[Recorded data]
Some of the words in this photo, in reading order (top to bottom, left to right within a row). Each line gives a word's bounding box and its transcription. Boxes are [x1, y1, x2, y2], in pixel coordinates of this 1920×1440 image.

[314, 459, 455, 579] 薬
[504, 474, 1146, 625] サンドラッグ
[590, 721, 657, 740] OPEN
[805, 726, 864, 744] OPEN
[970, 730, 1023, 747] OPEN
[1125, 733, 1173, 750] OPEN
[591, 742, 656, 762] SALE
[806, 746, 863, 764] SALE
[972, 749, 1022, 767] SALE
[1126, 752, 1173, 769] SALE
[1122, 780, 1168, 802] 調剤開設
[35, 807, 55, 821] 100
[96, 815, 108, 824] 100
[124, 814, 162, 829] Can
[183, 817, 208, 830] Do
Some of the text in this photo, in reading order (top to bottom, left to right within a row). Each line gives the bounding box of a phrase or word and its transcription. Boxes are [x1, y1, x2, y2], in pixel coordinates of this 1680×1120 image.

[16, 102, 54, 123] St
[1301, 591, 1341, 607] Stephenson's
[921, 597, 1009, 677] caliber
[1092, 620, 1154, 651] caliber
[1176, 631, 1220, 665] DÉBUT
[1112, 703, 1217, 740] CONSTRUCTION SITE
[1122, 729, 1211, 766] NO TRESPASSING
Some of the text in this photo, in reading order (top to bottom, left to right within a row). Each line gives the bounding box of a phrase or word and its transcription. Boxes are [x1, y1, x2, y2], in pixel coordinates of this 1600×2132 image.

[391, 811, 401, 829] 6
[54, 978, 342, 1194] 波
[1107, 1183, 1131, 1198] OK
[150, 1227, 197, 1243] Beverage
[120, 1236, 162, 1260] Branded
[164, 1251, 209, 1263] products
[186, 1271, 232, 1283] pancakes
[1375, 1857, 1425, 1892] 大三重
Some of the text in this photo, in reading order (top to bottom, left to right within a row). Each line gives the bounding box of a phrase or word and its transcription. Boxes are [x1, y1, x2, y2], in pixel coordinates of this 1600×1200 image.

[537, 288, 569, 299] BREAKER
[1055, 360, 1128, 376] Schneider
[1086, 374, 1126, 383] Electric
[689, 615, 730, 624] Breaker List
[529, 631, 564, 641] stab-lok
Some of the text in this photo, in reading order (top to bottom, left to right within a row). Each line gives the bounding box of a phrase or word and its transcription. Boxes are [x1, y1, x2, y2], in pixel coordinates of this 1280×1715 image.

BRIEF:
Set down the records above once more, exactly as given.

EXERCISE OUTPUT:
Some of the words in this photo, in reading order (top to bottom, left to right within a row). Each line gives a word's bounding box and its transcription. Boxes are [x1, y1, x2, y2], in pixel coordinates of this 1920×1440 image.

[314, 459, 455, 579] 薬
[504, 474, 1146, 625] サンドラッグ
[590, 721, 657, 740] OPEN
[805, 726, 864, 744] OPEN
[970, 730, 1023, 747] OPEN
[1125, 733, 1173, 750] OPEN
[591, 742, 656, 762] SALE
[806, 746, 863, 764] SALE
[972, 749, 1022, 767] SALE
[1126, 752, 1173, 769] SALE
[1122, 780, 1168, 802] 調剤開設
[35, 807, 55, 821] 100
[96, 815, 108, 824] 100
[124, 814, 162, 829] Can
[183, 817, 208, 830] Do
Some of the text in this photo, in reading order (top to bottom, left to right within a row). Each line gives the bounding box of a phrase or word and its transcription. Boxes are [x1, y1, x2, y2], in pixel coordinates of this 1680×1120 image.

[16, 102, 54, 123] St
[1301, 591, 1341, 607] Stephenson's
[921, 597, 1009, 677] caliber
[1092, 620, 1154, 651] caliber
[1176, 631, 1220, 665] DÉBUT
[1112, 703, 1217, 740] CONSTRUCTION SITE
[1122, 729, 1211, 766] NO TRESPASSING
Some of the text in this photo, in reading order (top to bottom, left to right within a row). Each line gives the bounding box of a phrase or word and its transcription. Boxes are [x1, y1, x2, y2], in pixel coordinates of this 1600×2132 image.

[391, 811, 401, 829] 6
[54, 978, 342, 1194] 波
[1107, 1183, 1131, 1198] OK
[150, 1227, 197, 1243] Beverage
[120, 1236, 162, 1260] Branded
[164, 1251, 209, 1263] products
[186, 1271, 232, 1283] pancakes
[1375, 1857, 1425, 1892] 大三重
Some of the text in this photo, in reading order (top to bottom, left to right within a row). Each line gives the bounding box of a phrase or word and its transcription. Boxes are [x1, y1, x2, y2], in pixel coordinates of this 1600×1200 image.

[537, 288, 569, 299] BREAKER
[1055, 360, 1128, 376] Schneider
[1086, 374, 1126, 383] Electric
[689, 615, 730, 624] Breaker List
[529, 631, 564, 641] stab-lok
Some of the text in this photo, in reading order (top to bottom, left to right within a row). Each line gives the bounding box of a phrase or word and its transcription. Boxes are [x1, y1, x2, y2], in pixel coordinates of this 1280×1715 image.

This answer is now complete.